May God Bless you all. YOU GO DAD! 8)
I'm glad to see response to this old topic.
Winter time is hard on old(er) folks for a lot of reasons. It's hard for them to get out and they don't get a lot of company. Getting young folks to visit with them brightens their day.
I recently learned about Horticultural Therapy and it is great for anyone but old timers get set in their ways and so new seeds like Burpees 4th of July tomatoes really throws them for a loop and March 18-24 is NHTW nat horticultural week
http://www.youtube.com/watch?v=KDi4hBWsvkY#t=177
I saw this on the news Jeff.
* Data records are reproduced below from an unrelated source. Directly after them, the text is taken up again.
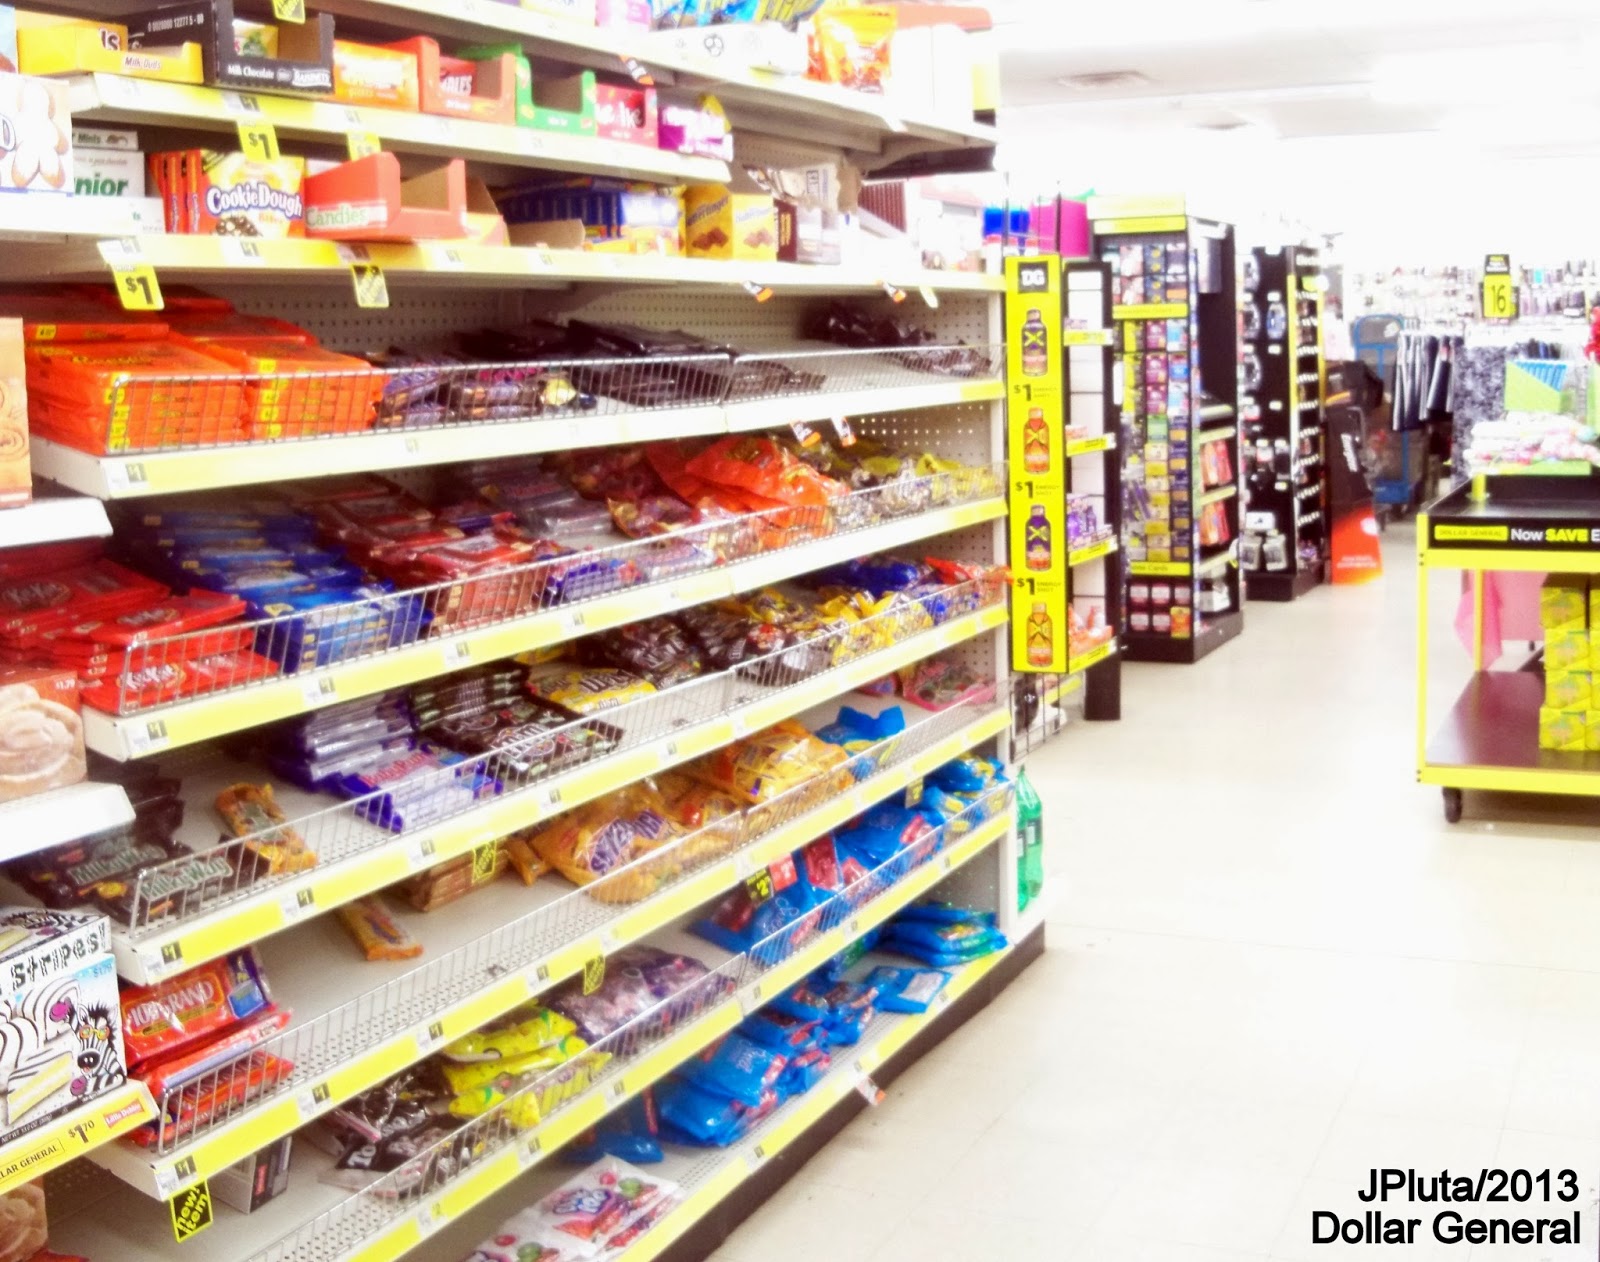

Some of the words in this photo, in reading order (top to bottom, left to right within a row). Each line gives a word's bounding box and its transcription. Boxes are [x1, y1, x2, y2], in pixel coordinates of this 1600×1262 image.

[243, 66, 274, 79] Chocolate
[248, 132, 271, 160] $1
[74, 172, 128, 196] nior
[206, 182, 259, 215] Cookie
[257, 182, 303, 219] Dough
[305, 204, 368, 228] Candies
[1021, 270, 1045, 286] DG
[125, 276, 153, 305] $1
[1491, 284, 1506, 313] 16
[1014, 384, 1031, 401] $1
[1015, 481, 1033, 499] $1
[1510, 528, 1543, 541] Now
[1545, 528, 1589, 542] SAVE
[1017, 577, 1035, 596] $1
[0, 1164, 19, 1180] LAR
[20, 1145, 58, 1168] GENERAL
Once the song was put to music......they said the i-tune downloads for this song was going through the roof.
Good share and it is a touching song.
Christy and I took our Aunts and uncles out for dinner Sunday evening, great time! all are in the 80's, and two have Alzheimer's, it was a blast, Olive Garden at its finest, never a dull moment, both uncles are VFW's lots of genuine stories, david
Tell me .... what is the meaning of VFW ??? :P educate me some about abreviations.... :-\
Quote from: isawlogs on August 27, 2013, 08:00:43 PM
Tell me .... what is the meaning of VFW ??? :P educate me some about abreviations.... :-\
VETRANS OF FOREIGN WAR.
Uncle Bob and Uncle Jess, who was my best man, (not saying Dad isn't, Jess has no children) was in WWII, and Korean wars, Uncle Bob was In WWII, both were sailors, Jess is a very technical minded soul, Bob a comedian, a real hoot, hard on waitresses, if you know what I mean ;D Jess is 89, Bob 83, they are brother in laws, God Bless Aunt Opal and Aunt Margaret! they are Saints! david
I can tell you unequivocally Mr. Tom would have loved this story.
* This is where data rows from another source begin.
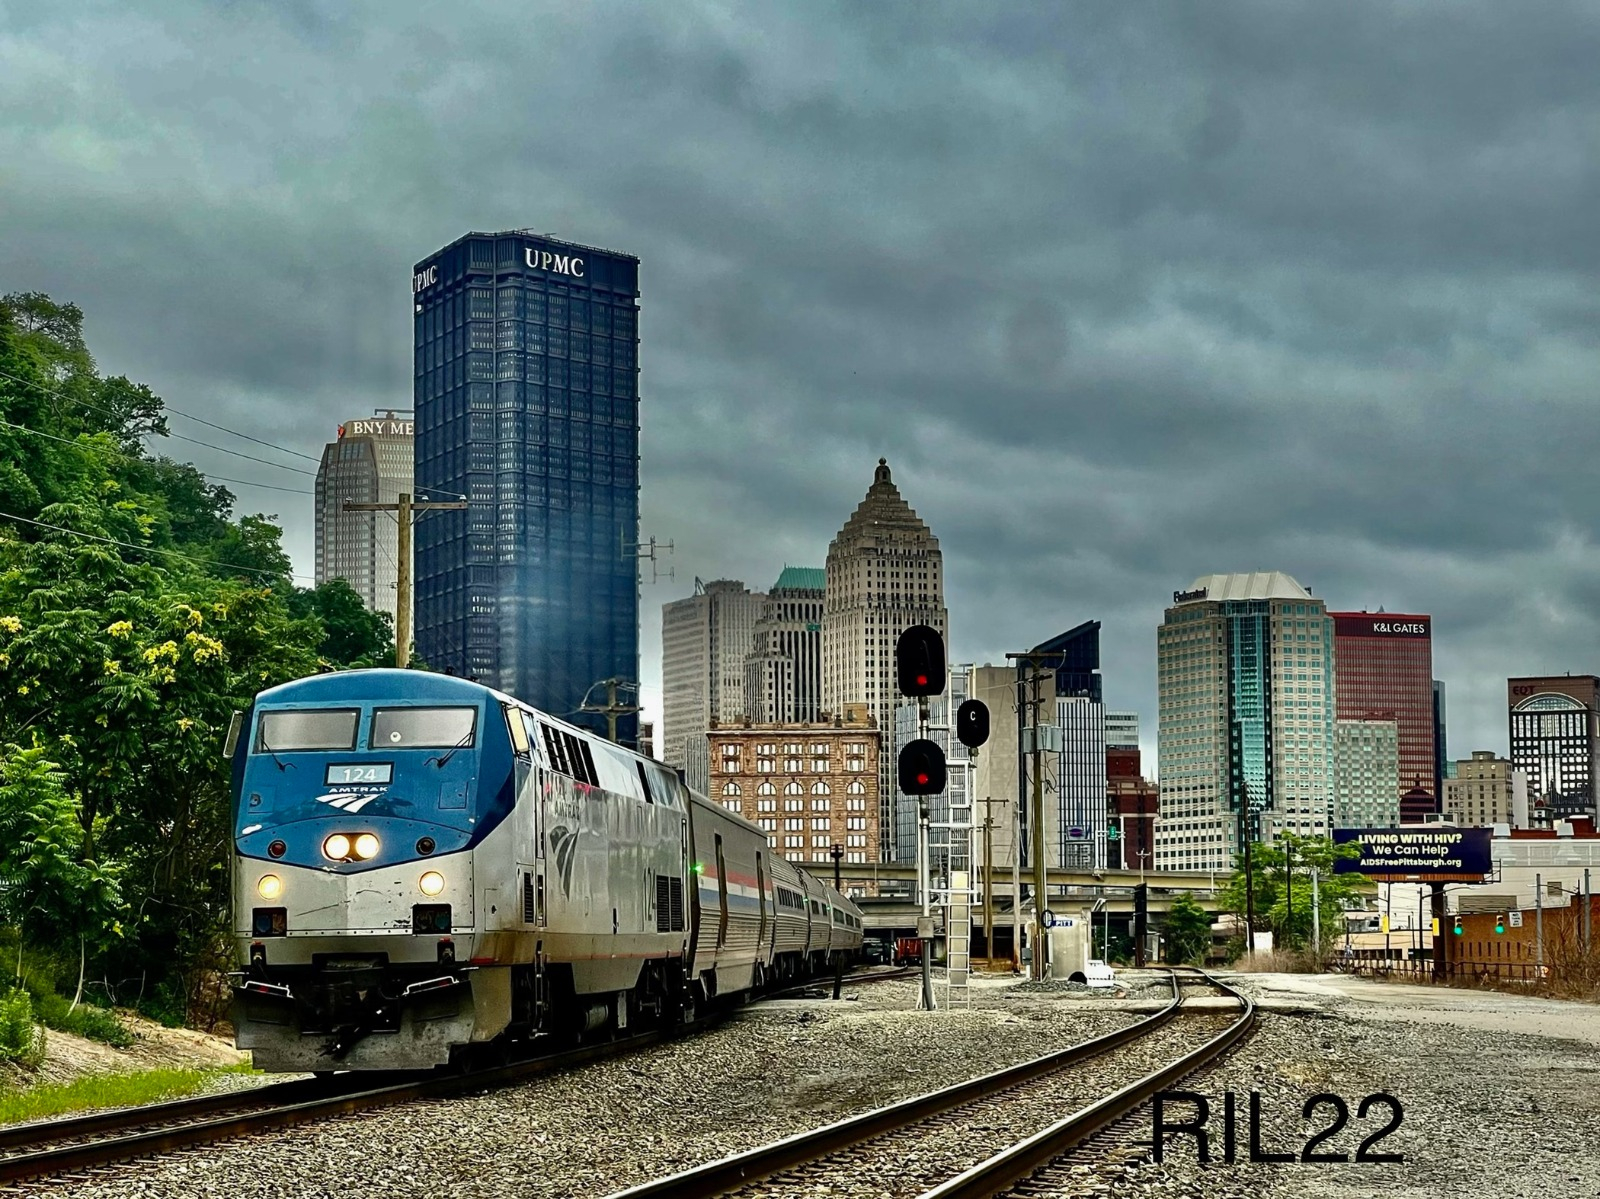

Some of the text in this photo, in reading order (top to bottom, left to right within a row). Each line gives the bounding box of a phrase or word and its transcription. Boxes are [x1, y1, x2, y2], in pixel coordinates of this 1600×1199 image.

[525, 247, 584, 277] UPMC
[411, 265, 438, 294] UPMC
[353, 421, 386, 434] BNY
[1373, 622, 1425, 634] K&L GATES
[1512, 685, 1537, 696] EQT
[970, 711, 976, 721] C
[343, 767, 377, 782] 124
[328, 786, 388, 794] AMTRAK
[1358, 833, 1463, 844] LIVING WITH HIV?
[1372, 845, 1449, 857] We Can Help
[1360, 858, 1462, 868] AIDSFreePittsburgh.org
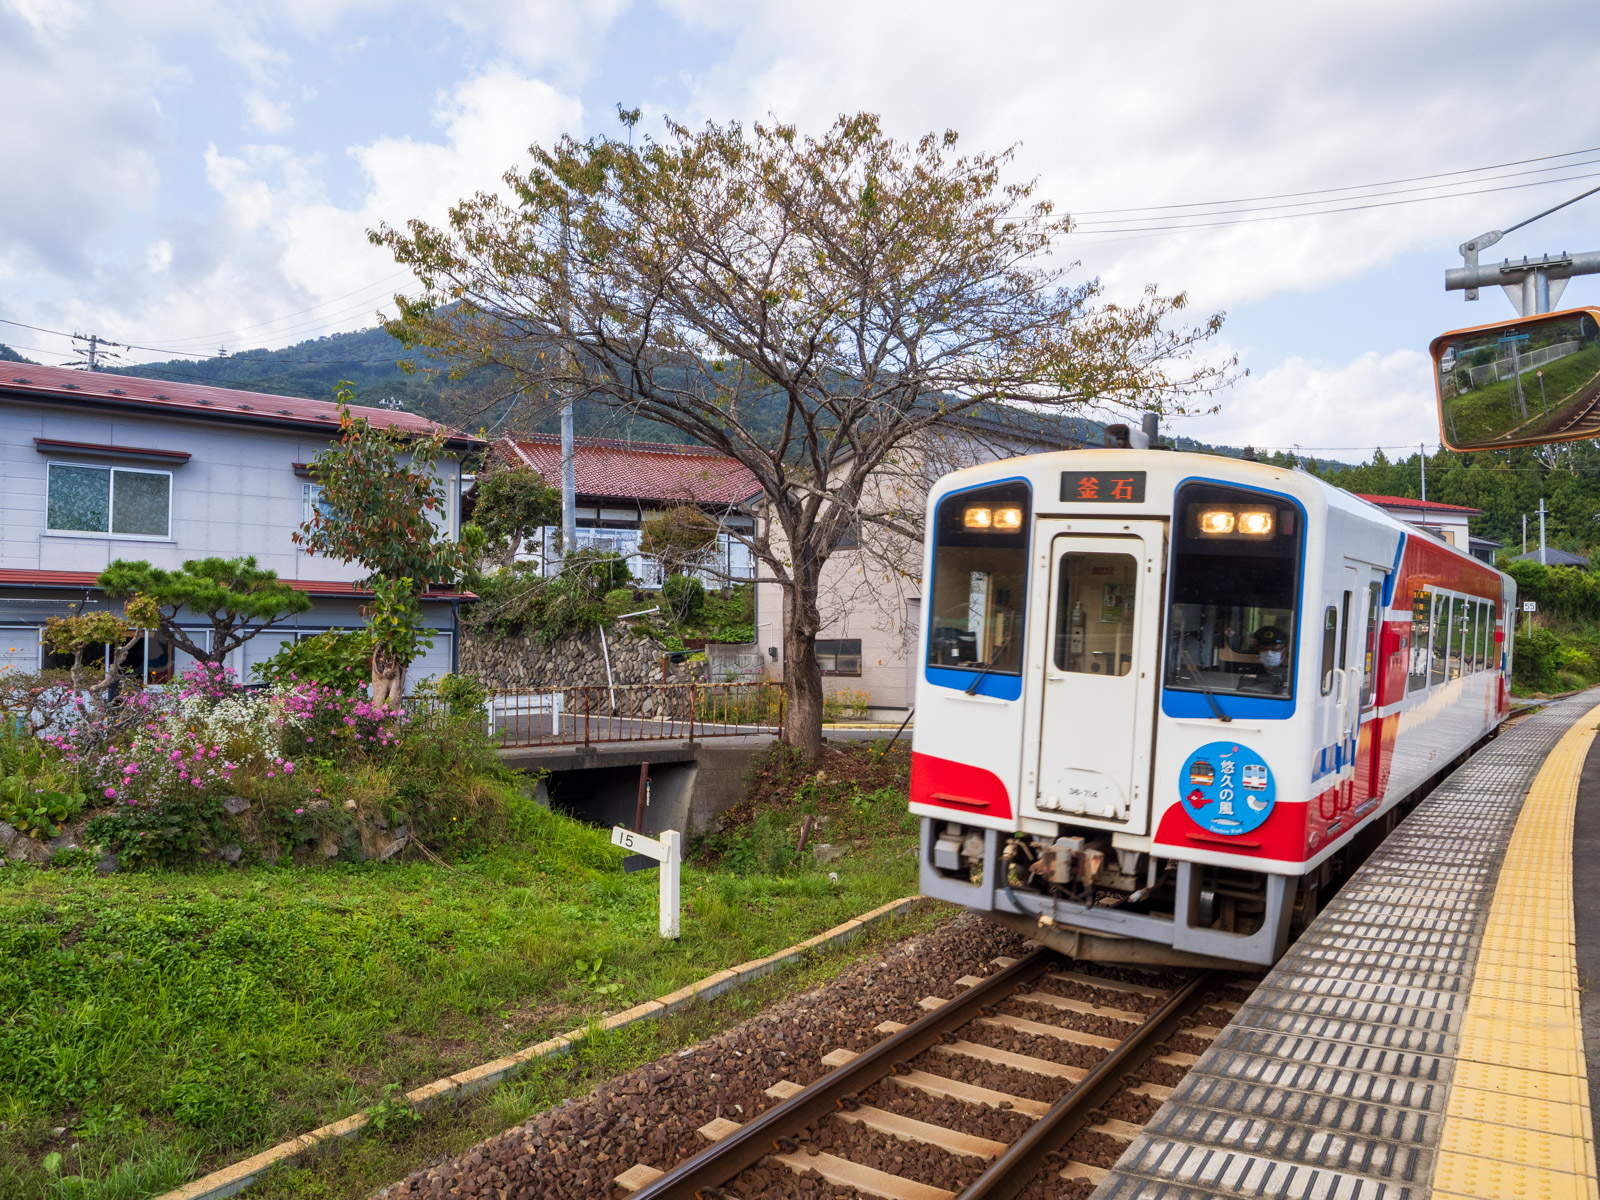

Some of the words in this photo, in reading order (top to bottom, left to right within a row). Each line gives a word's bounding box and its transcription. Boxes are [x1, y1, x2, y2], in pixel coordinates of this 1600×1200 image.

[1076, 476, 1134, 500] 釜石
[1525, 603, 1534, 611] 55
[1218, 760, 1235, 815] 悠久の風
[620, 832, 633, 847] 15
Yesterday I spent the entire day with my, as they will tell you, "adoptive parents" Lou and Catherine. Lou is 85 and Catherine is 81. When I am up north I spend a lot of my time doing what I can for them and just plain visiting with then as I enjoy them. About 9:00 Lou called me up and asked if I could drive them both up to Sault Ste Marie for some medical appointments. Catherine took a fall two weeks ago and is pretty sore and Lou is seeing double for some reason, so neither were fit to be driving. I said sure and headed over. We didn't get back until about 9:00 last night after the last MRI test for Lou.
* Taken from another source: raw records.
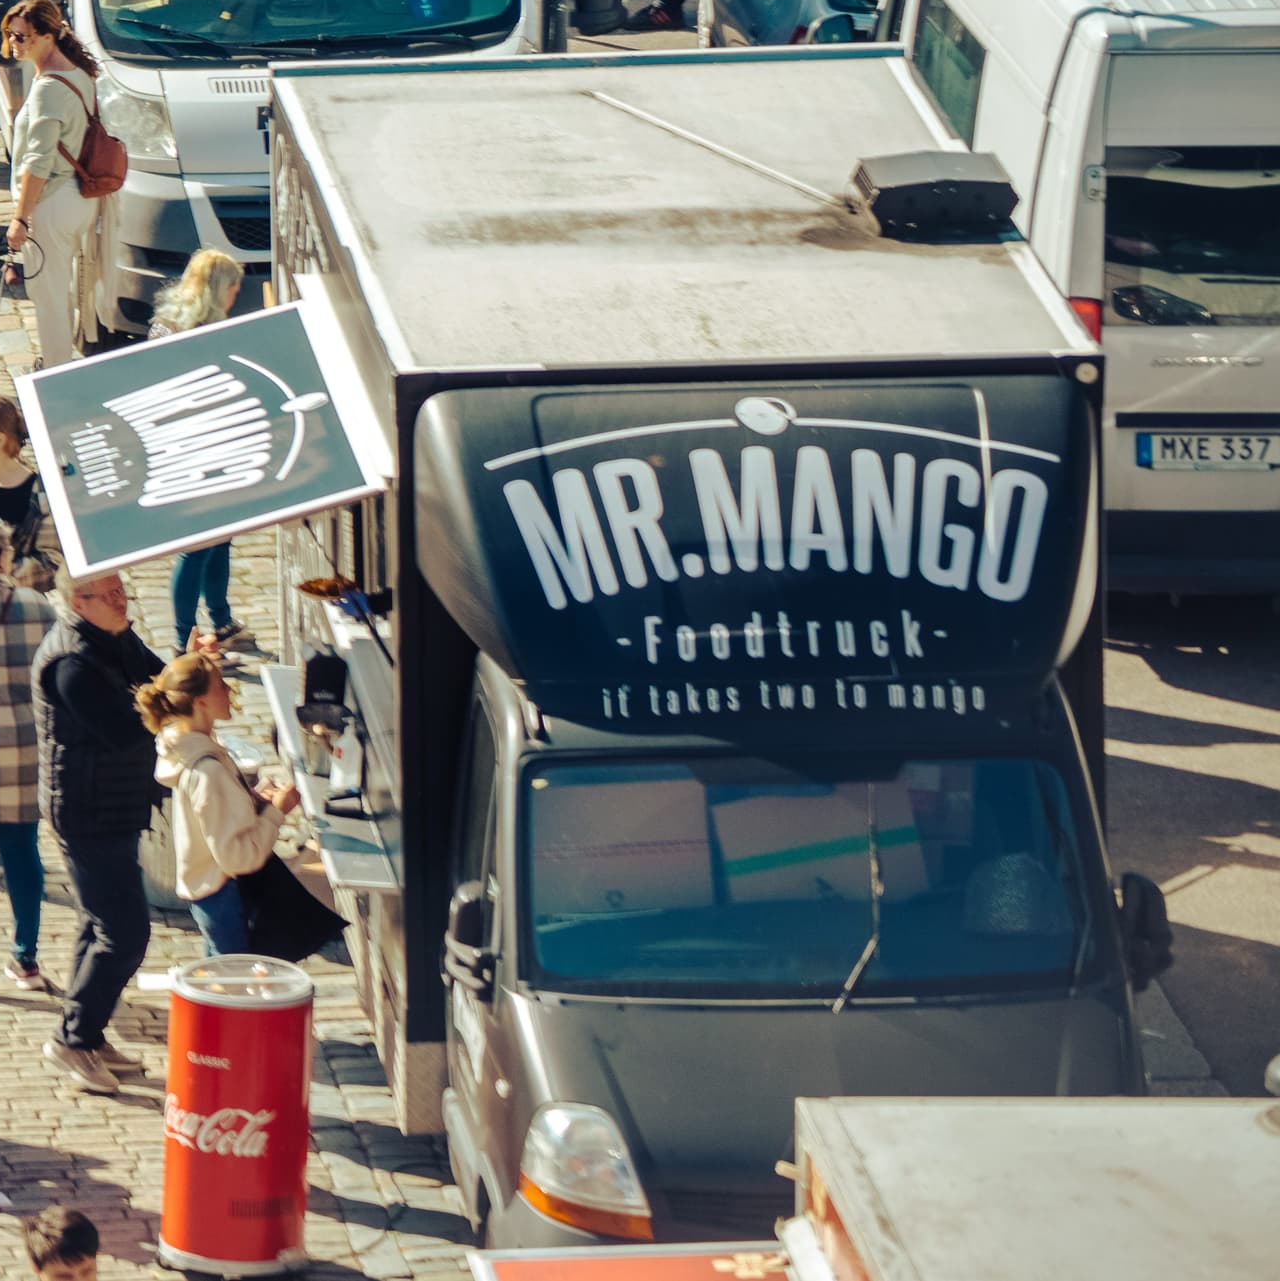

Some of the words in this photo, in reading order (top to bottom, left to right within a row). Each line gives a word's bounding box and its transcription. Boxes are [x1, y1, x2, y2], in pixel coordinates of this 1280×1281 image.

[102, 364, 273, 507] MR.MANGO
[1161, 437, 1210, 461] MXE
[1221, 437, 1271, 461] 337
[503, 445, 1049, 610] MR.MANGO
[602, 684, 631, 718] it
[649, 679, 740, 715] takes
[759, 678, 816, 710] two
[835, 678, 868, 709] to
[887, 680, 986, 715] mango
The first thing on their agenda yesterday was to go to "The Great Wall" before the doctors, a Chinese place they like to eat at. So we did. After the meal, as is customary at Chinese restaurants, they brought us 3 fortune cookies. Catherine, says "Ooo! what fun! Jeff will you please read them for us?" Now remember Catherine is 81 years old. She then added, "But at the end, you must add these three word." "In The Bedroom" I smiled and said, okay. I did this, and poor Catherine was laughing so hard she was almost crying from either the laughing or the pain caused from the laughing and I may have hurt myself from laughing too. I'll let you add the "three words"
Lou's Fortune:
You will find a new Challenge this week.
Catherine's fortune:
You are contemplative and analytical.
My fortune:
Someone is looking up to you. Don't let that person down.
:D :D
I love those two people :) :)
you a "gooder" man for it
That story warmed my insides. ;)
They sound like a sweet couple. "In the bedroom"! What a hoot. I'll remember that.
Oh my so funny!!!! :D
Tom would approve! :D :D
Great story, Jeff! :) :)
Great older topic that was resurrected. smiley_thumbsup
Now my innards hurt from laughing, great story for sure! I hope everything turns out ok for Lou and Catherine.
:D :D Wonderful people, you are very fortunate to have them as friends.